The first night that I had the 5D Mark III I went out late to make some pictures that I can’t normally make. I have always wanted to try to capture the Milky Way with my camera. I have tried and failed a couple of times with the 60D. In order to get enough light in the camera I have to have the shutter open for too long. That would blur the stars too much. With the 5D I was able to actually even shorten the time the shutter was open. The full frame sensor really does let in more light allowing me to do some things that I would not normally do. I made some nice pictures of the Milky Way, but I wanted something in the foreground. I drove around for over an hour before deciding to head home. I decided to drive on a few different roads on the way home, and I found this barn. I loved how it was almost transparent through the wood slats. It was the perfect place to make my stand so to speak that night. I made a few images, and then of course came home to see what I had. It is hard to believe that such beauty is just a few miles down the road.

Technical Data

As I said this was shot with the 5D Mark III off of a tripod.
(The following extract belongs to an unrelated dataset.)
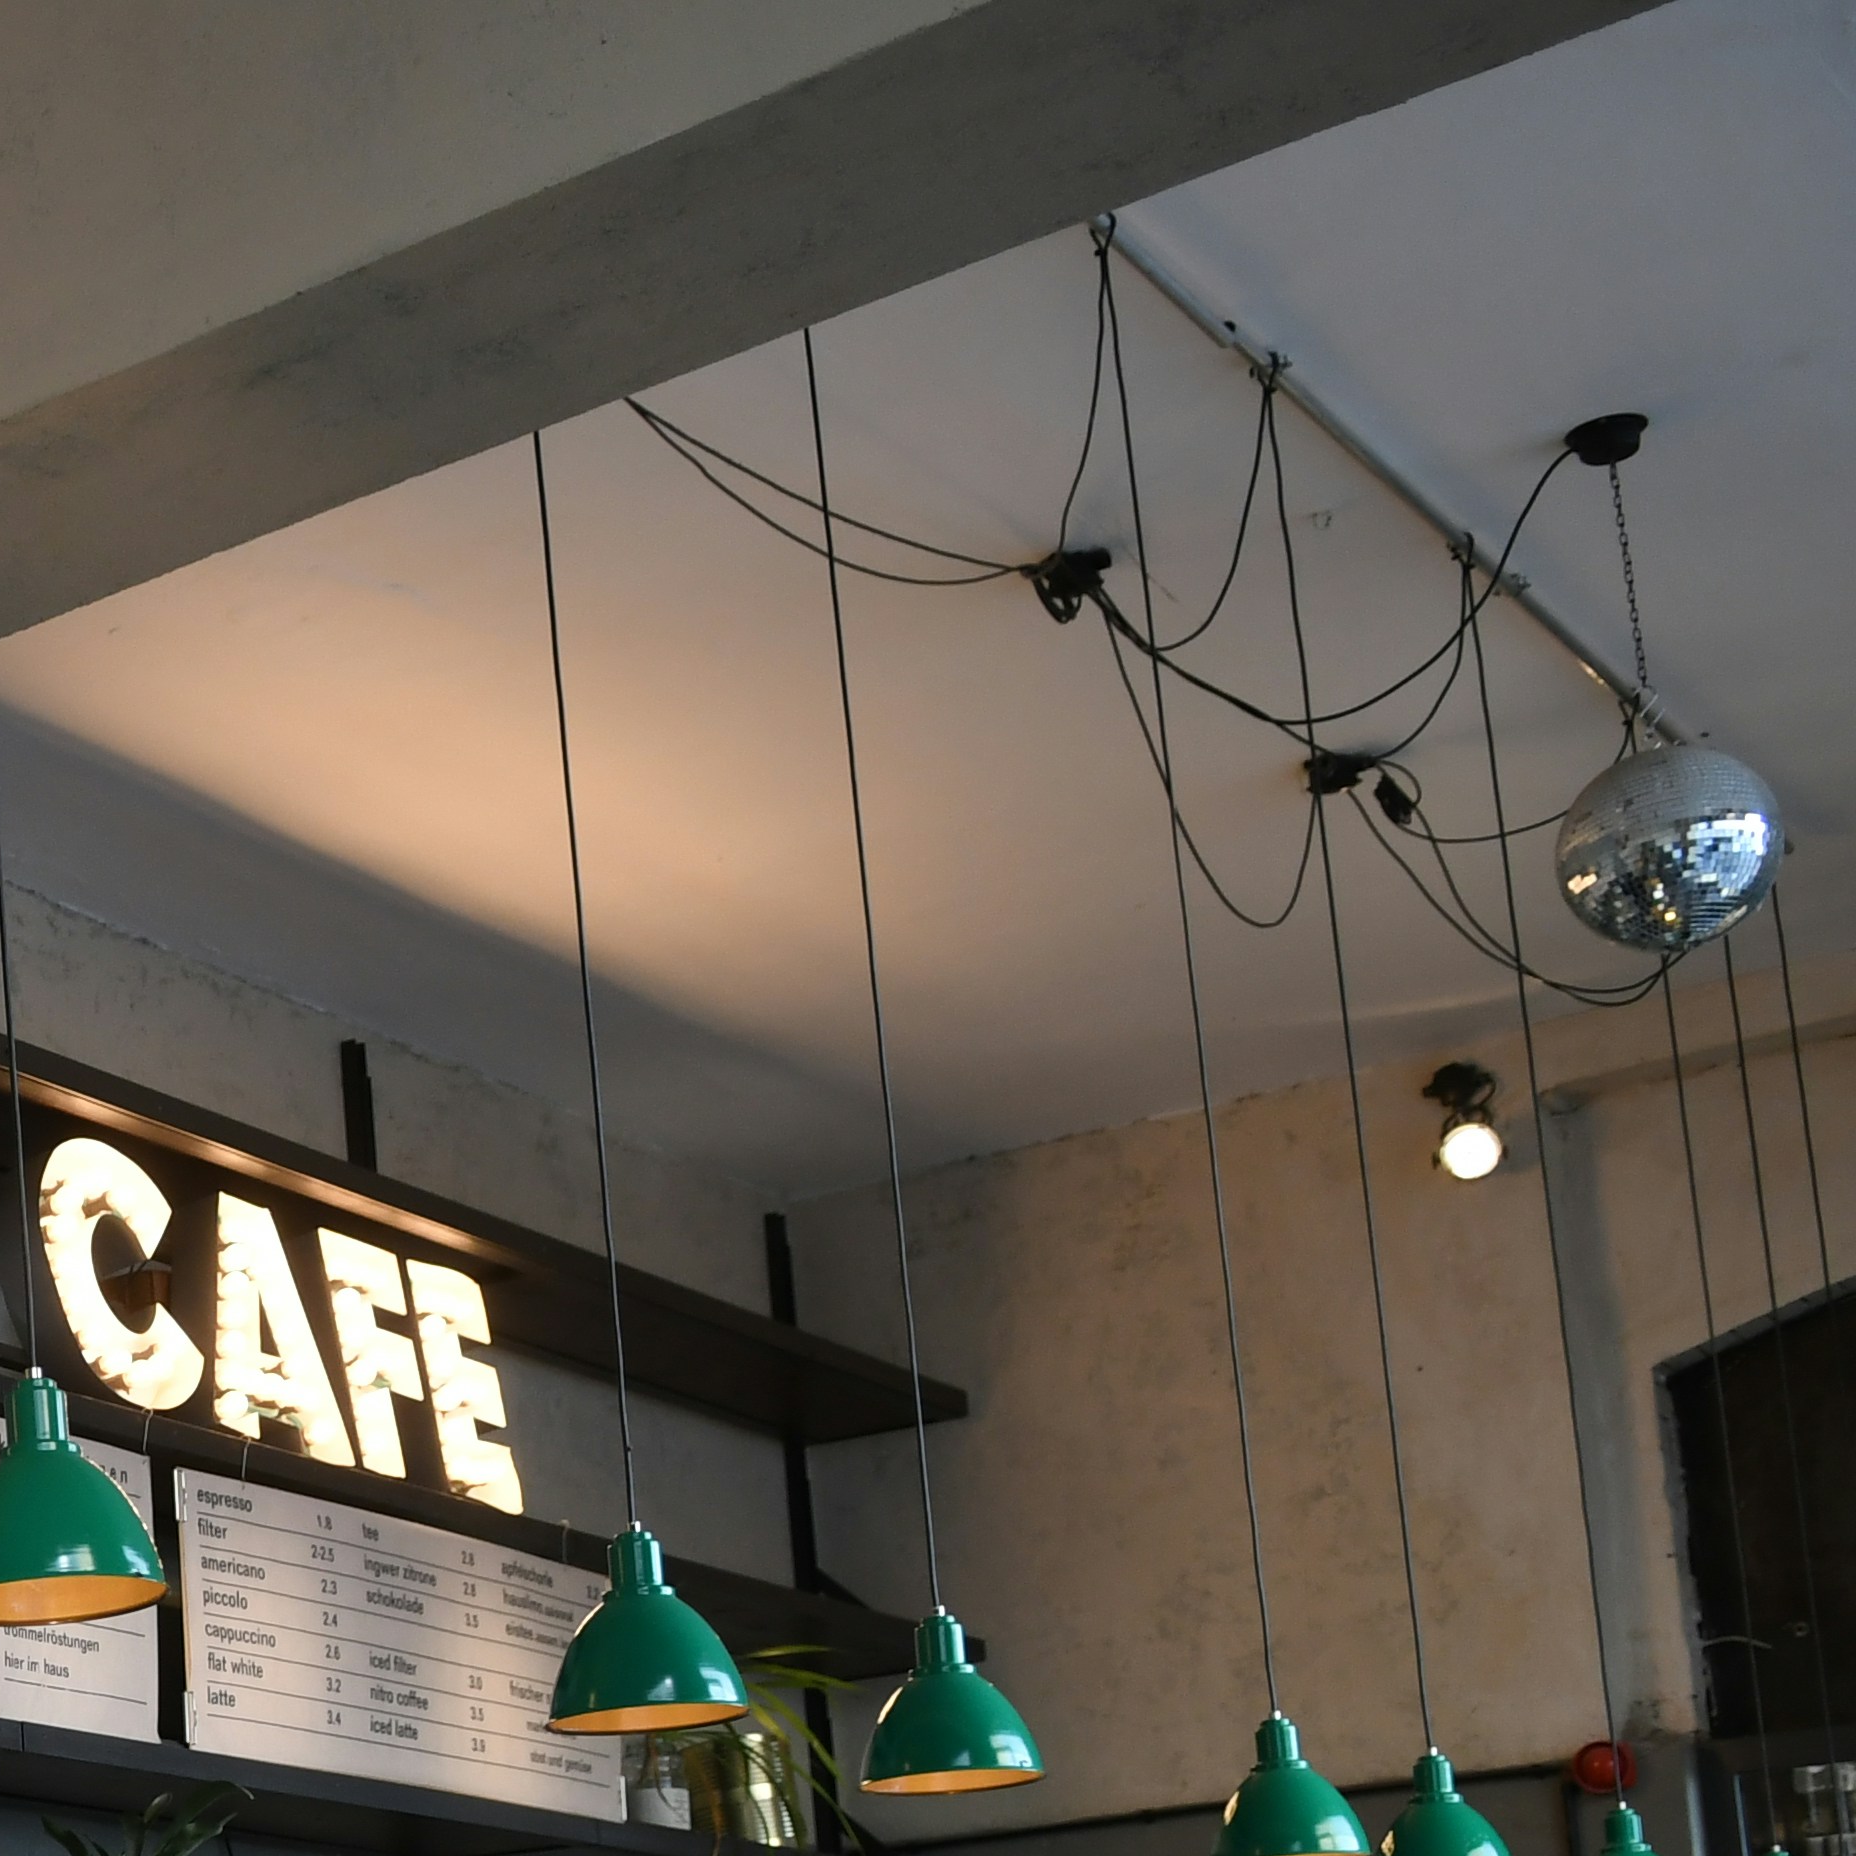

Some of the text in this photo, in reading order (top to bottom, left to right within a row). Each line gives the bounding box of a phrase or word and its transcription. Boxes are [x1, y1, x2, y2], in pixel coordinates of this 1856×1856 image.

I knew that I wanted to keep the shutter open for around 30 seconds in order to get as much light from the Milky Way into the camera without having the stars move too much. They did move a bit here, and I think in the end the shot works. This is an experiment that I really would like to try a few more times so that when I go somewhere like Colorado where I have mountains and cabins to put beneath the Milky Way I can nail it. It would seem like photographing the night sky would be easy. To fully capture it though is a skill that I would like to acquire.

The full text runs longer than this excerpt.